We estimate \(\sigma^2\) based on all the samples combined, by \[S_c^2 = \frac{\sum_{i=1}^{m} (X_i - \bar X)^2 + \sum_{i=1}^{n}(Y_i - \bar Y)^2}{m + n - 2}.\] We choose the denominator \(m + n - 2\) to make this an unbiased estimator of \(\sigma^2\): since \(\sum_{i=1}^{m} (X_i - \bar X)^2 \sim \sigma^2 \chi^2_{m - 1}\) and \(\sum_{i=1}^{n} (Y_i - \bar Y)^2 \sim \sigma^2 \chi^2_{n - 1}\), and these two quantities are independent, their sum has \(\sigma^2 \chi^2_{m + n - 2}\) distribution.

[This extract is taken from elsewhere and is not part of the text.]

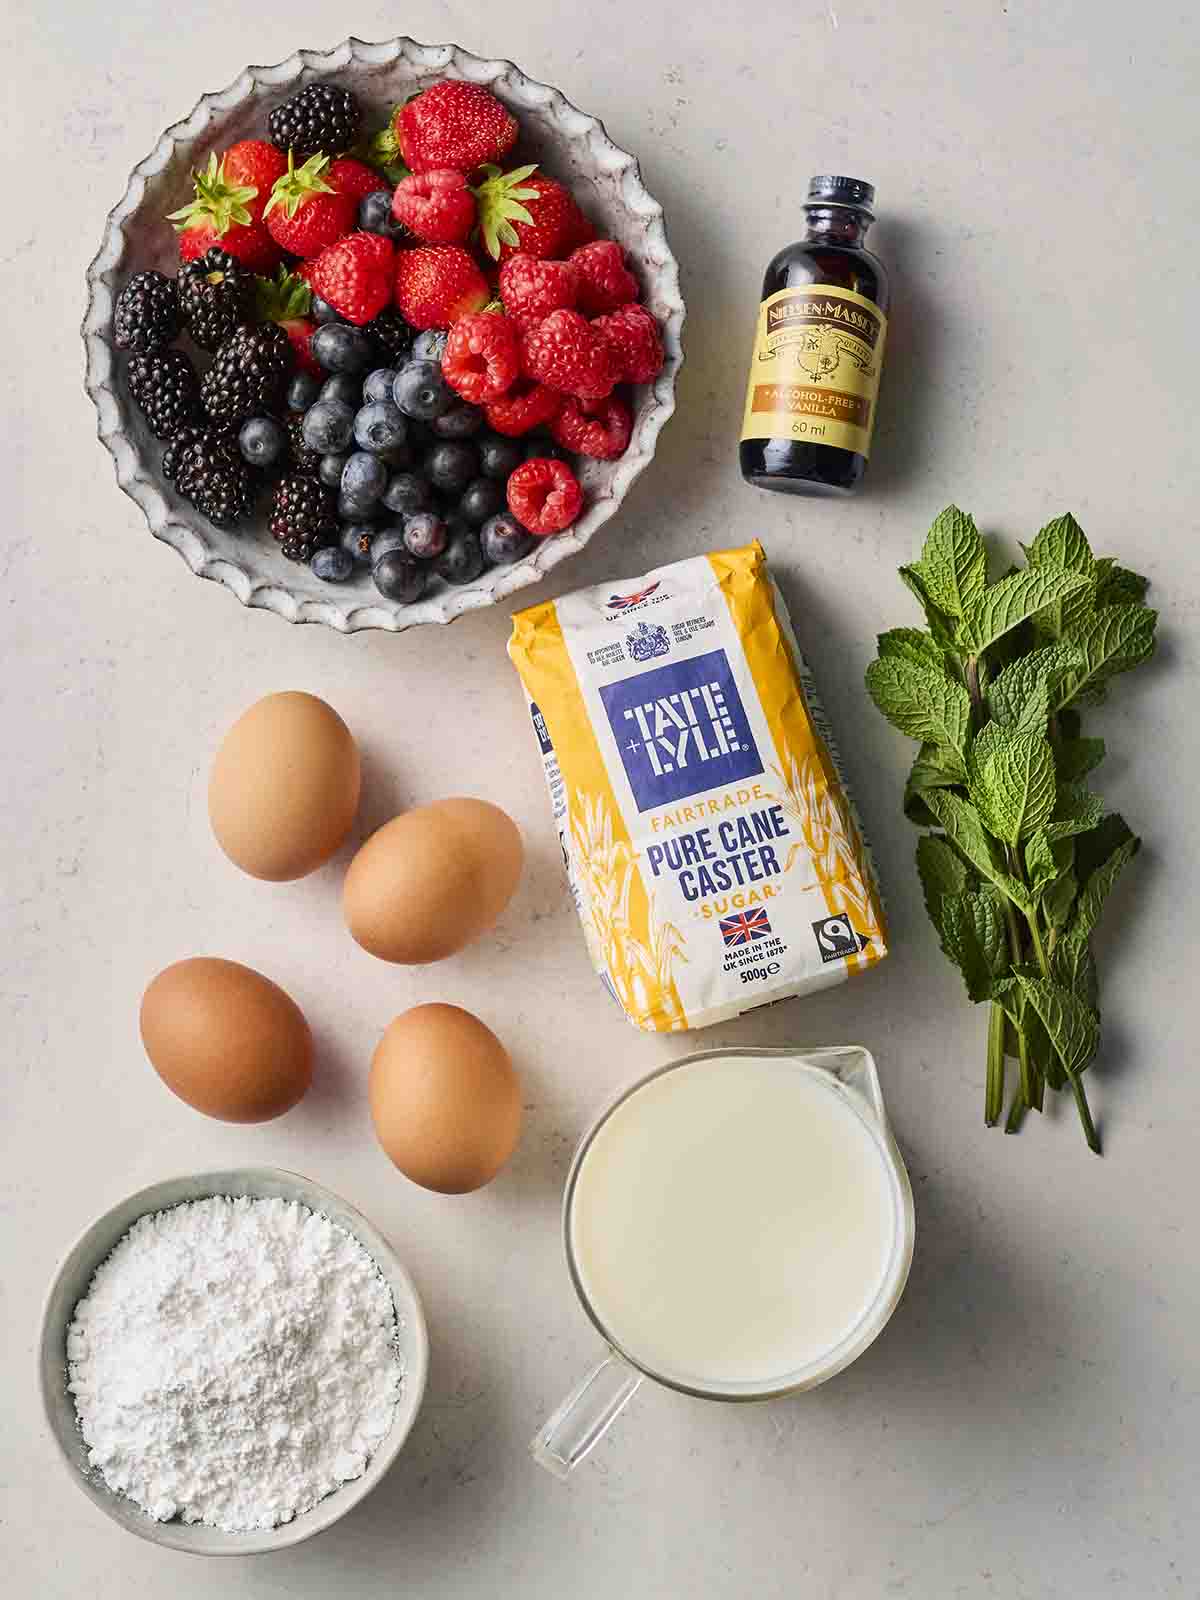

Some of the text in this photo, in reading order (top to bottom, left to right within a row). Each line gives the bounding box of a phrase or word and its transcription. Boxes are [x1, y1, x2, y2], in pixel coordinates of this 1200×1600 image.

So \[\frac{(m + n - 2)S_c^2}{\sigma^2} \sim \chi^2_{m + n - 2}.\]
Replacing \(\sigma^2\) by \(S_c^2\) in Equation (11.1), we get \[T = \frac{\bar X - \bar Y - \delta_0}{\sqrt{S_c^2 / m+ S_c^2 / n}} \sim t_{m + n - 2}\] under \(H_0\). For our observed data the observed value of \(T\) is \[t = \frac{\bar x - \bar y - \delta_0}{\sqrt{s_c^2 / m+ s_c^2 / n}}.\]

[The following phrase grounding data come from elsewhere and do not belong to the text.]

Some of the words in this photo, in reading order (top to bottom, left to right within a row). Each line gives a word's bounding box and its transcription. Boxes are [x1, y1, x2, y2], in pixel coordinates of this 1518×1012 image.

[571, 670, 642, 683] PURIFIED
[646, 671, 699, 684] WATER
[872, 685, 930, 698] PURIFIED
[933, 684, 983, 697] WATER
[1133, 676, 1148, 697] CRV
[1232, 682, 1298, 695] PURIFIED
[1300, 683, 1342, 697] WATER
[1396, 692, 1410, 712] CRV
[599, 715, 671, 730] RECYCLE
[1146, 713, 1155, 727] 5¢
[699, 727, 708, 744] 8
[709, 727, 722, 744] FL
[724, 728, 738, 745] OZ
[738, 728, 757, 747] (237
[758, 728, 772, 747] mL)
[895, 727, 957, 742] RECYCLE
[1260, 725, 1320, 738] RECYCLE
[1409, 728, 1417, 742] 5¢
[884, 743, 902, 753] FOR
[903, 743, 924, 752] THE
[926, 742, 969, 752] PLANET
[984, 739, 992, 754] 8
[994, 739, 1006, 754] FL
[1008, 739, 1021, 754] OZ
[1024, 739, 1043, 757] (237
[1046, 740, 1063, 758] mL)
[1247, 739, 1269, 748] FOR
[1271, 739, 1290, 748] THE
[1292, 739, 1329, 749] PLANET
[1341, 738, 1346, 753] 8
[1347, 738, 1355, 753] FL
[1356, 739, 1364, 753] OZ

To construct a hypothesis test at significance level \(\alpha = 0.05\) we should only reject \(H_0\) if \(|t| > t_{m+n-2, 0.975}\). So if \(t > t_{m+n-2, 0.975}\) or \(t < -t_{m+n-2, 0.975}\), we reject \(H_0\). Otherwise, we do not reject \(H_0\).Example 11.8 (\(F\)-test for equality of variances) In the classical two-sample \(t\)-test (Example 11.7), an assumption is made that the (population) variances of the two groups are equal. We might want to test whether this assumption appears to be reasonable, given the data. To do this, we now assume that each \(X_i \sim N(\mu_1, \sigma_1^2)\) and each \(Y_i \sim N(\mu_2, \sigma_2^2)\), and test the null hypothesis \(H_0: \sigma_1^2 = \sigma_2^2\) against the alternative \(H_1: \sigma_1^2 \not = \sigma_2^2\).

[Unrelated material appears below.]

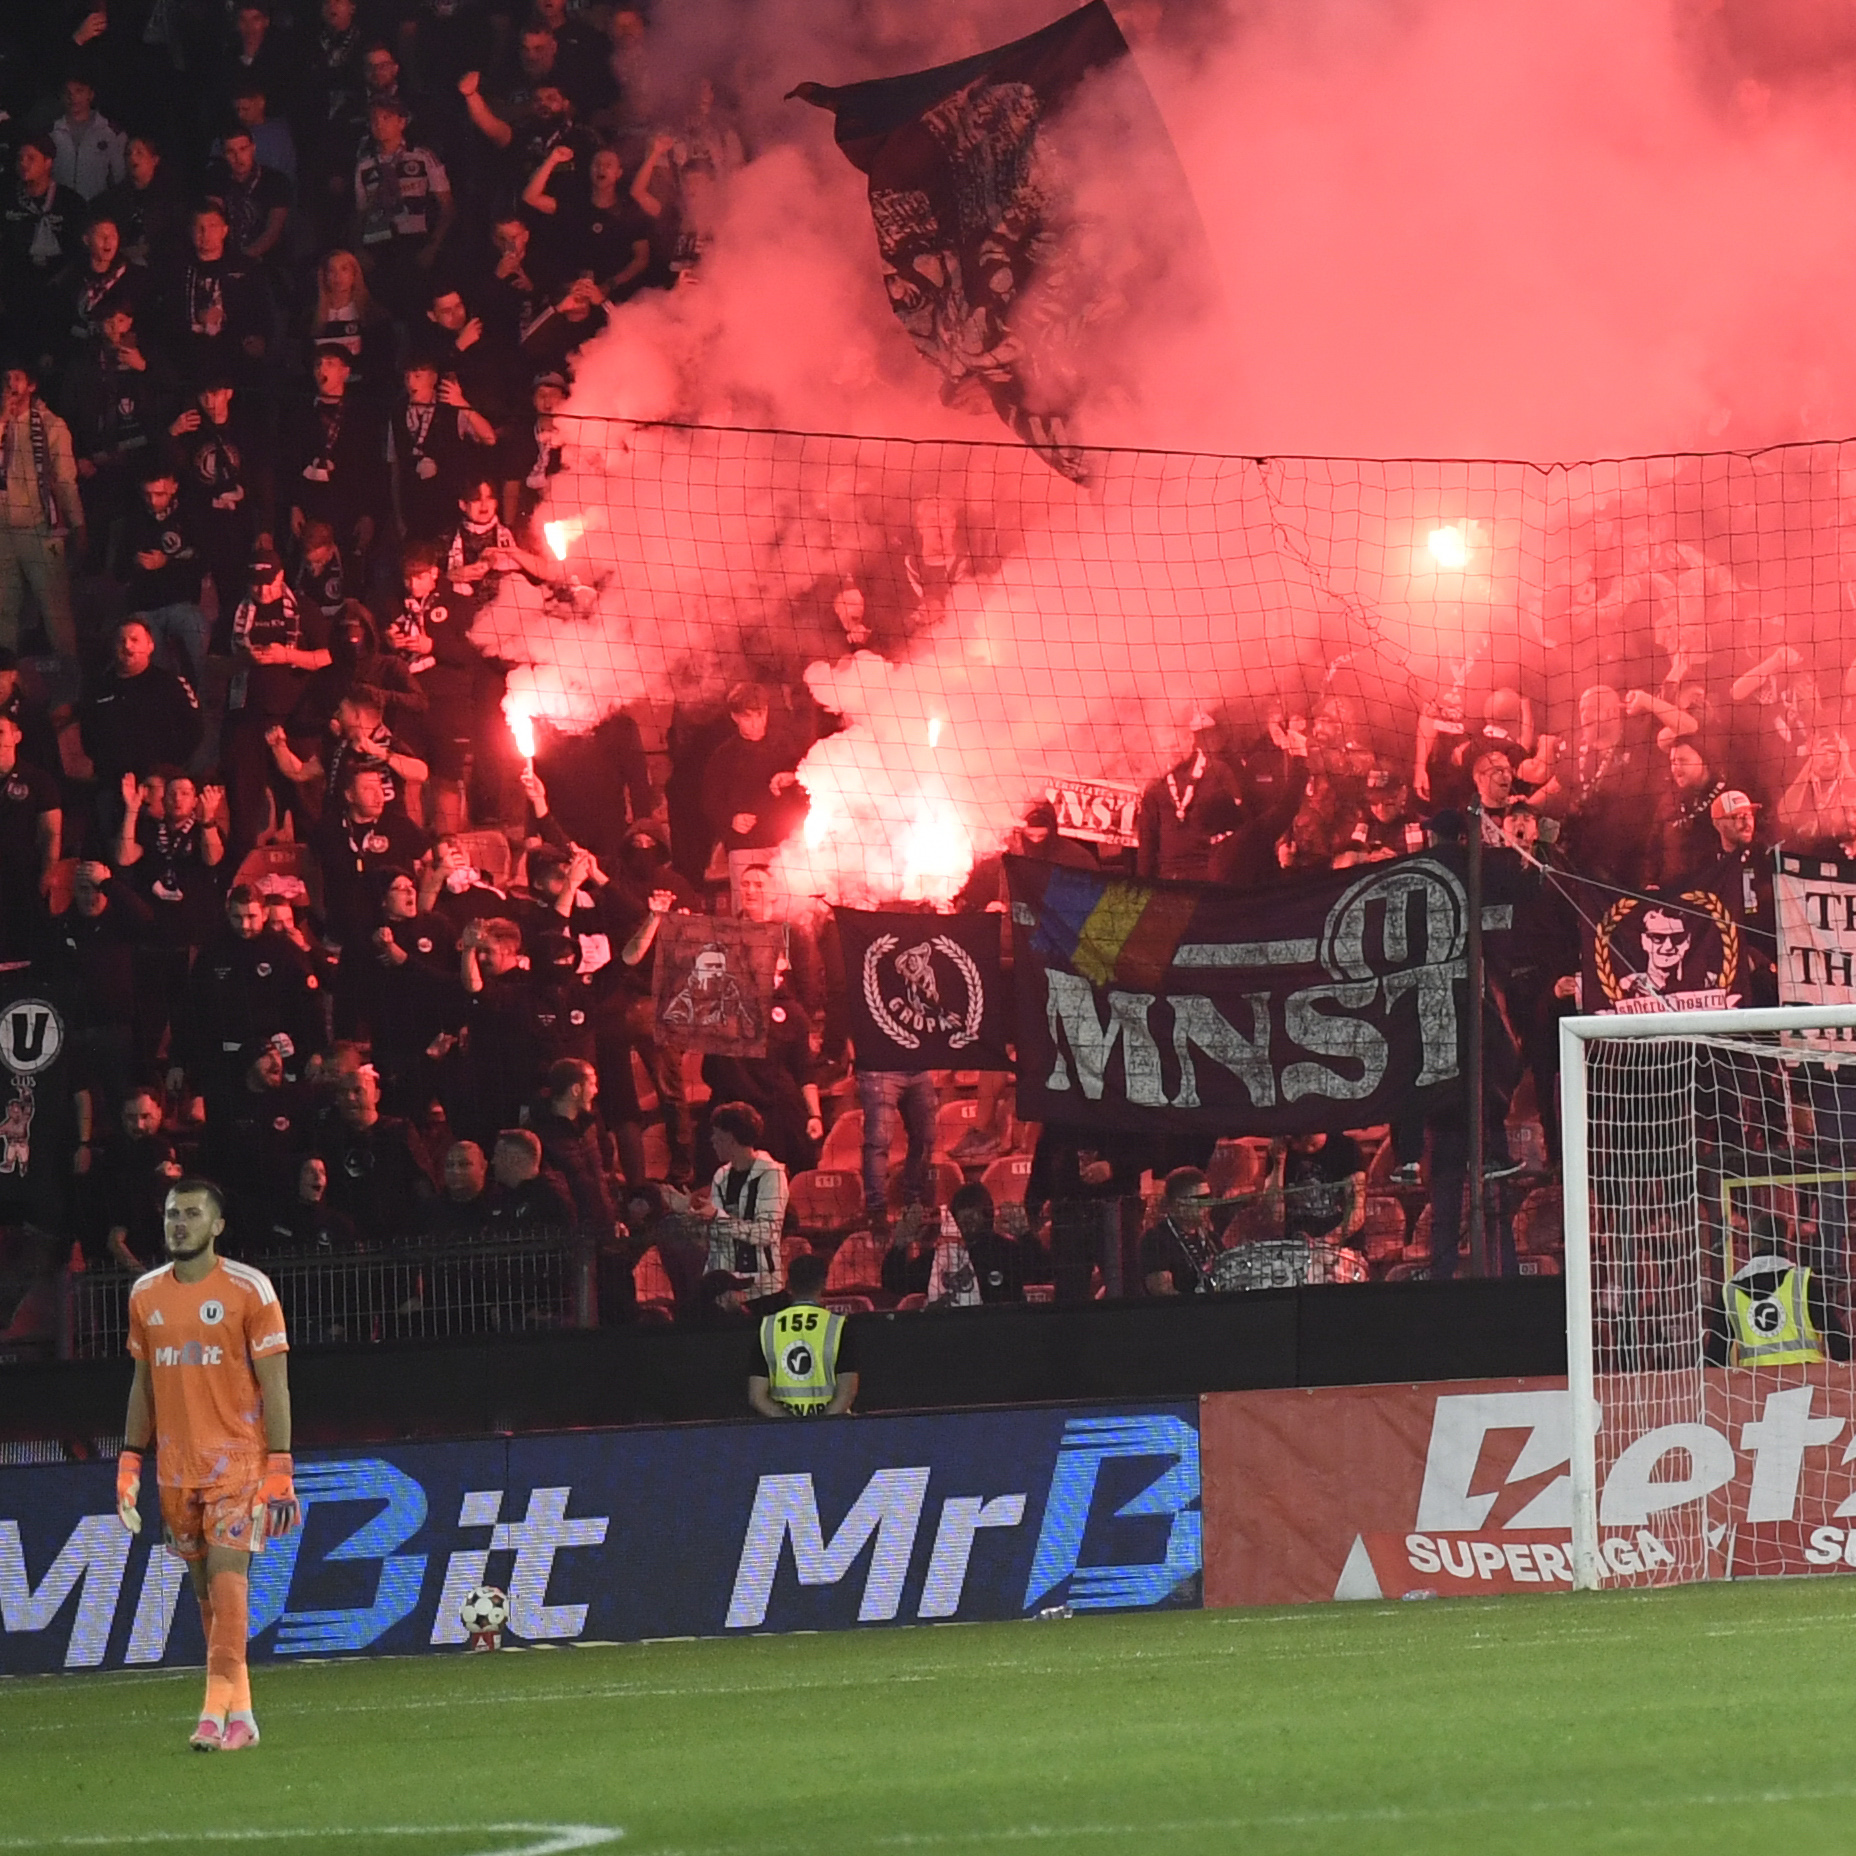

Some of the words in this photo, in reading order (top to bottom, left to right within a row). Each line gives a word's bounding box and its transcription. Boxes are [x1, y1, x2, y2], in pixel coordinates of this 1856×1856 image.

We estimate \(\sigma_1^2\) by \[S_1^2 = \frac{1}{m - 1} \sum_{i=1}^{m} (X_i - \bar X)^2\] and \(\sigma_2^2\) by \[S_2^2 = \frac{1}{n - 1} \sum_{i=1}^{n} (Y_i - \bar Y)^2.\] Let \[F = \frac{S_1^2}{S_2^2}\] Under \(H_0\), by Proposition 9.6, we know that \(F \sim F_{m-1, n-1}.\) For our observed data the observed value of \(F\) is \[f = \frac{s_1^2}{s_2^2}.\] To construct a hypothesis test at significance level \(\alpha = 0.05\) we should only reject \(H_0\) if \(f < f_{m-1, n-1, 0.025}\) or \(f > f_{m-1, n-1, 0.975}\), where \(f_{m-1, n-1, p}\) is the \(p\)-quantile of an \(F_{m-1, n-1}\) distribution. Otherwise, we do not reject \(H_0\).